(Collection entries)
☆ ☆ ☆ ☆

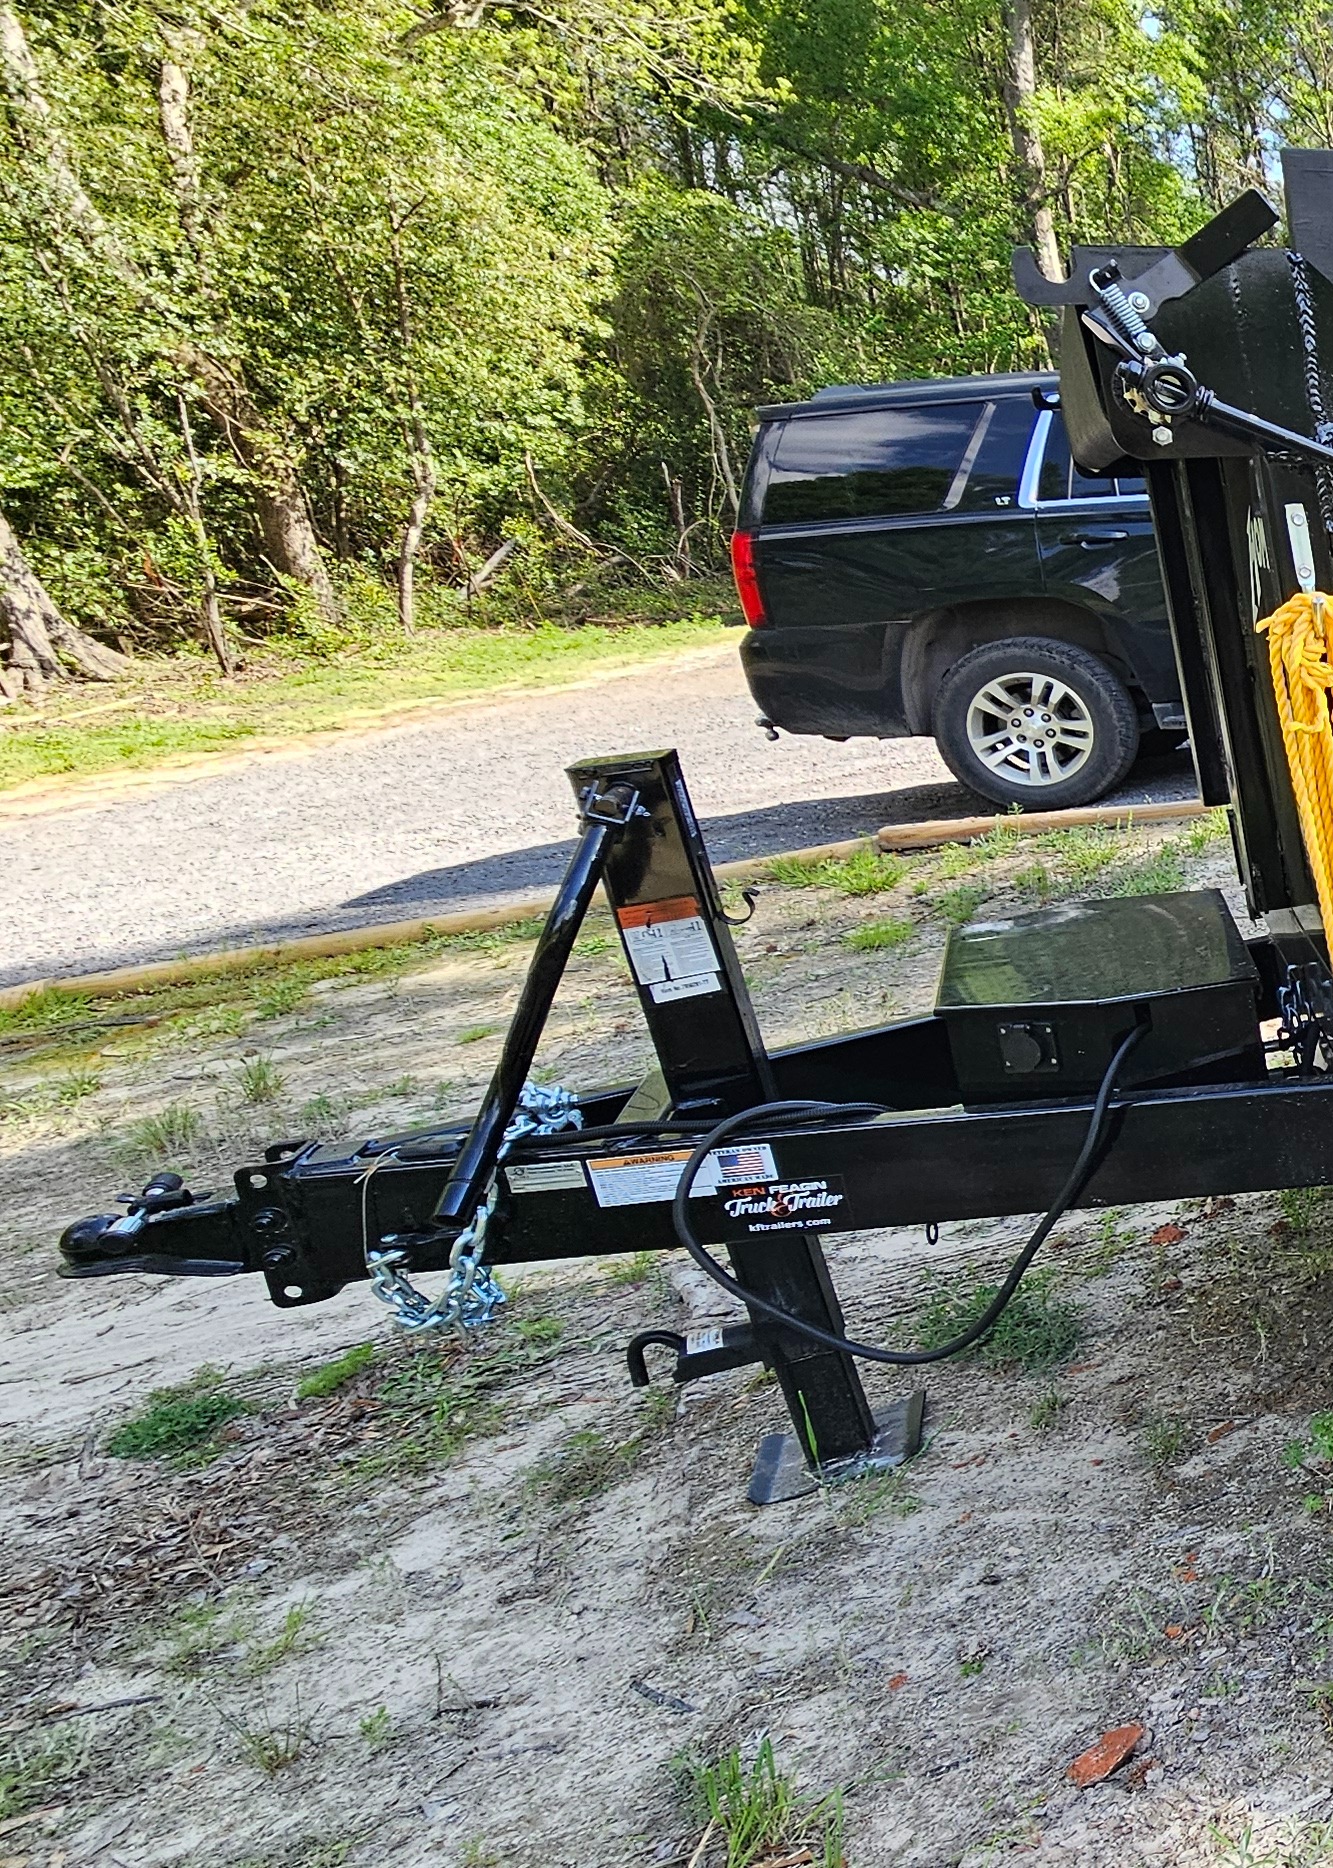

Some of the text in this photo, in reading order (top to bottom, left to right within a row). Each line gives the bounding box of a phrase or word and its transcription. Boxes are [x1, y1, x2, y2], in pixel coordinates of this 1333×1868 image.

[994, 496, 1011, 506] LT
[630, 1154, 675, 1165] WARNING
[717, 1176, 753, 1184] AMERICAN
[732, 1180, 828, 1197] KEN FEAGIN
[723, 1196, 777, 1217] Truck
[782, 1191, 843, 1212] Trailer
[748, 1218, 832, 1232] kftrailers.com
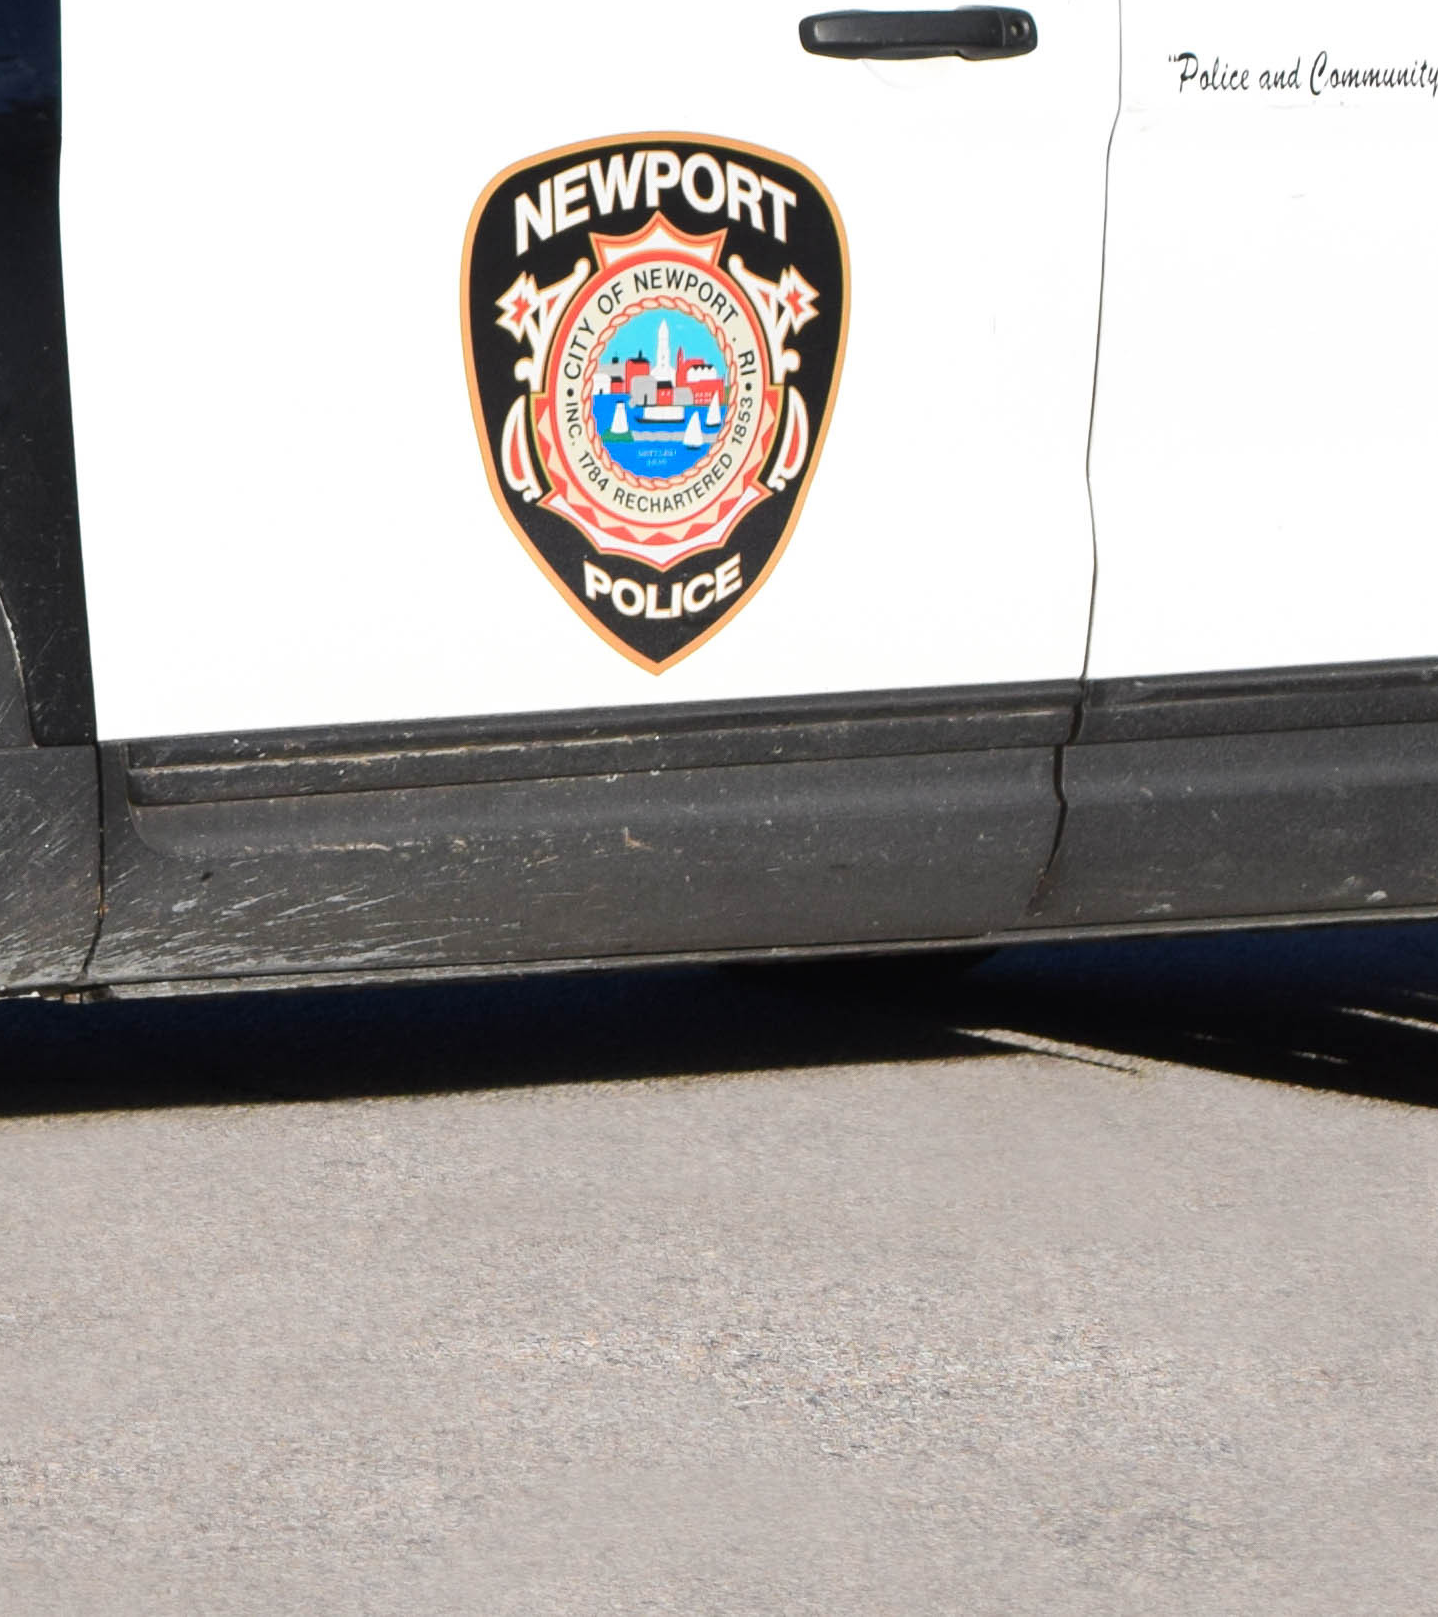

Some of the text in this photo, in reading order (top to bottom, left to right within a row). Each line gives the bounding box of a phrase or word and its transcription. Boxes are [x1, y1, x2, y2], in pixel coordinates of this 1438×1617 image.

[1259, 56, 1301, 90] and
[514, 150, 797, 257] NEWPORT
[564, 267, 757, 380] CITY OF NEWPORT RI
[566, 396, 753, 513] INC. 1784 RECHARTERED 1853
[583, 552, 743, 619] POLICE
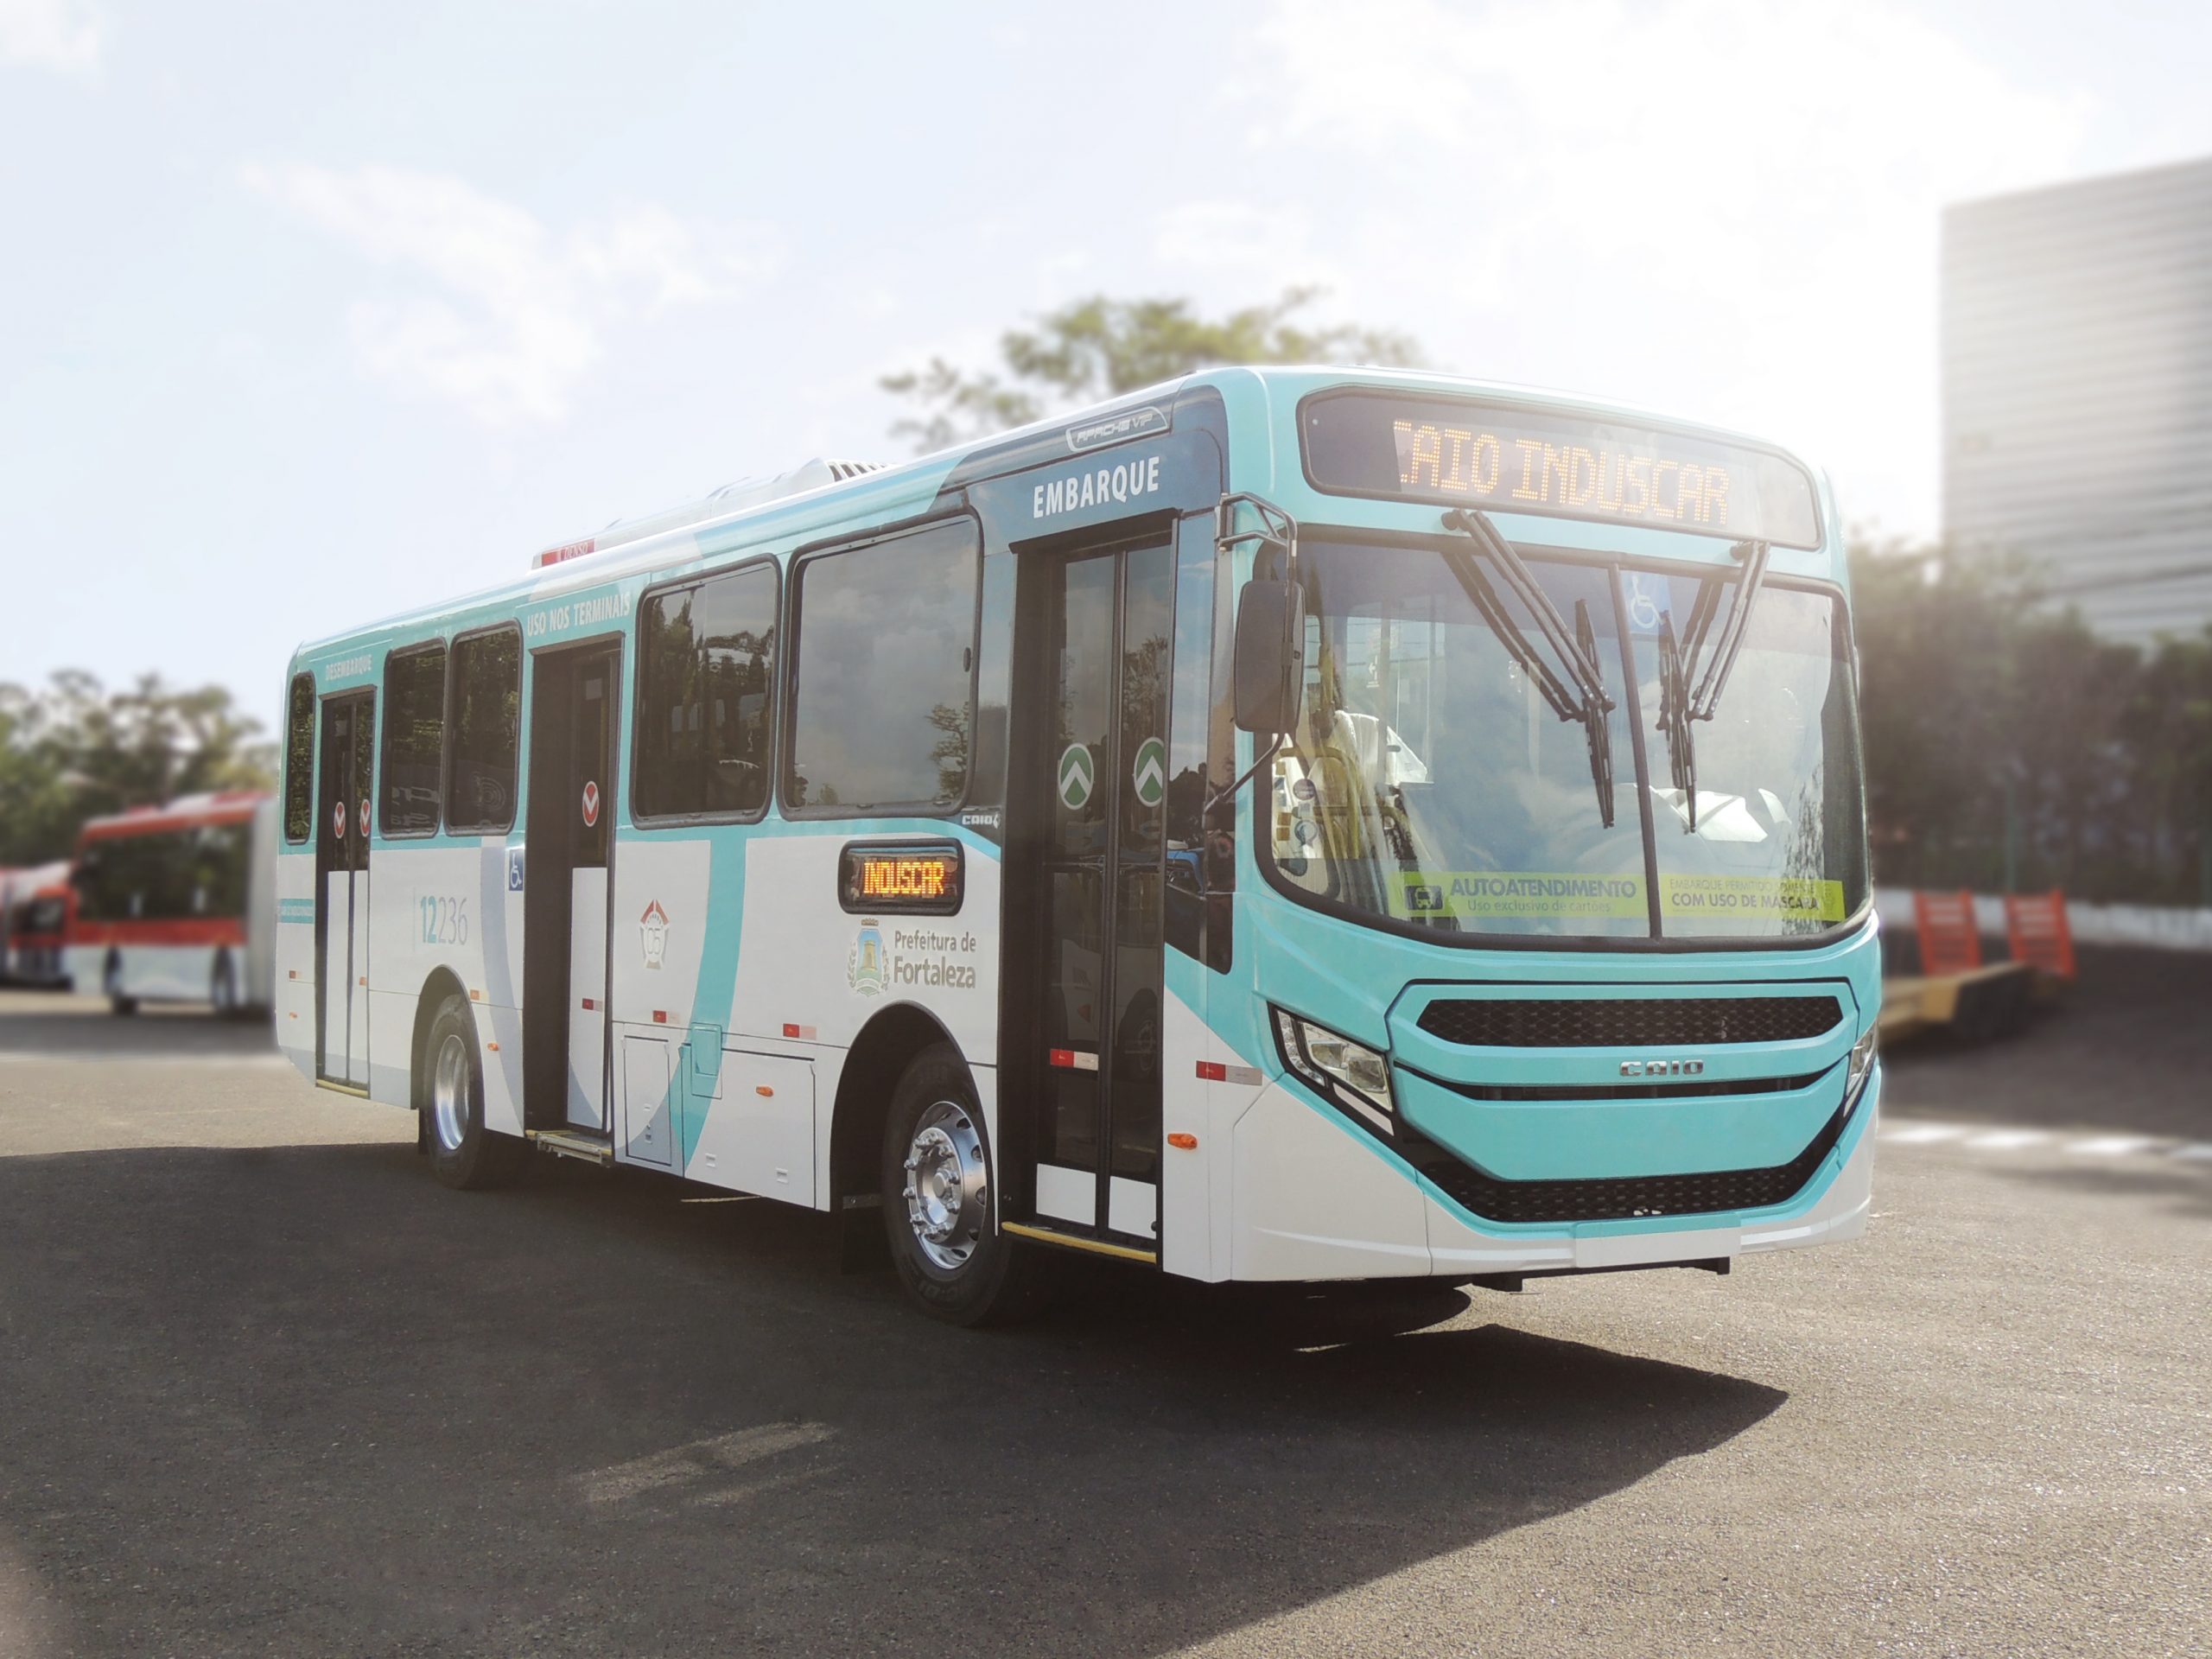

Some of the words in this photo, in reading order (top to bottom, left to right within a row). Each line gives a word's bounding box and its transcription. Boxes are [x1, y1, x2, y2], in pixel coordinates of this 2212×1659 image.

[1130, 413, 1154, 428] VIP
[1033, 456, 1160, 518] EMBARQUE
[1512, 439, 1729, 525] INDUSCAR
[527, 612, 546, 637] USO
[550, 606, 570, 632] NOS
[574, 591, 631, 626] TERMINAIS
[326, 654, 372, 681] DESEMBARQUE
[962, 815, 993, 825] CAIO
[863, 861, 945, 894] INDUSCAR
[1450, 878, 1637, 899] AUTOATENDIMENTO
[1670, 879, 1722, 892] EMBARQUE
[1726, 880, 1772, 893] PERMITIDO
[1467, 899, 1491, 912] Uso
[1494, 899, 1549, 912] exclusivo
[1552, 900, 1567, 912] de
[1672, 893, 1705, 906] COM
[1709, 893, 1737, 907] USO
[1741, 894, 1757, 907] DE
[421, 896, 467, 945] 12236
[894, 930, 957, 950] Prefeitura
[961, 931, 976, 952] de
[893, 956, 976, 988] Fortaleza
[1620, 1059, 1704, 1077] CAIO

☆ ☆ ☆ ☆

▶ [What is being asked]: Every entry above should come back exactly as written, except for its pictures.

▶ [Output for this task]:
Some of the text in this photo, in reading order (top to bottom, left to right within a row). Each line gives the bounding box of a phrase or word and its transcription. Boxes are [x1, y1, x2, y2], in pixel coordinates of this 1333×1868 image.

[994, 496, 1011, 506] LT
[630, 1154, 675, 1165] WARNING
[717, 1176, 753, 1184] AMERICAN
[732, 1180, 828, 1197] KEN FEAGIN
[723, 1196, 777, 1217] Truck
[782, 1191, 843, 1212] Trailer
[748, 1218, 832, 1232] kftrailers.com

Some of the text in this photo, in reading order (top to bottom, left to right within a row). Each line gives the bounding box of a phrase or word and its transcription. Boxes are [x1, y1, x2, y2], in pixel coordinates of this 1438×1617 image.

[1259, 56, 1301, 90] and
[514, 150, 797, 257] NEWPORT
[564, 267, 757, 380] CITY OF NEWPORT RI
[566, 396, 753, 513] INC. 1784 RECHARTERED 1853
[583, 552, 743, 619] POLICE

Some of the words in this photo, in reading order (top to bottom, left to right within a row). Each line gives a word's bounding box and its transcription. Boxes are [x1, y1, x2, y2], in pixel coordinates of this 2212×1659 image.

[1130, 413, 1154, 428] VIP
[1033, 456, 1160, 518] EMBARQUE
[1512, 439, 1729, 525] INDUSCAR
[527, 612, 546, 637] USO
[550, 606, 570, 632] NOS
[574, 591, 631, 626] TERMINAIS
[326, 654, 372, 681] DESEMBARQUE
[962, 815, 993, 825] CAIO
[863, 861, 945, 894] INDUSCAR
[1450, 878, 1637, 899] AUTOATENDIMENTO
[1670, 879, 1722, 892] EMBARQUE
[1726, 880, 1772, 893] PERMITIDO
[1467, 899, 1491, 912] Uso
[1494, 899, 1549, 912] exclusivo
[1552, 900, 1567, 912] de
[1672, 893, 1705, 906] COM
[1709, 893, 1737, 907] USO
[1741, 894, 1757, 907] DE
[421, 896, 467, 945] 12236
[894, 930, 957, 950] Prefeitura
[961, 931, 976, 952] de
[893, 956, 976, 988] Fortaleza
[1620, 1059, 1704, 1077] CAIO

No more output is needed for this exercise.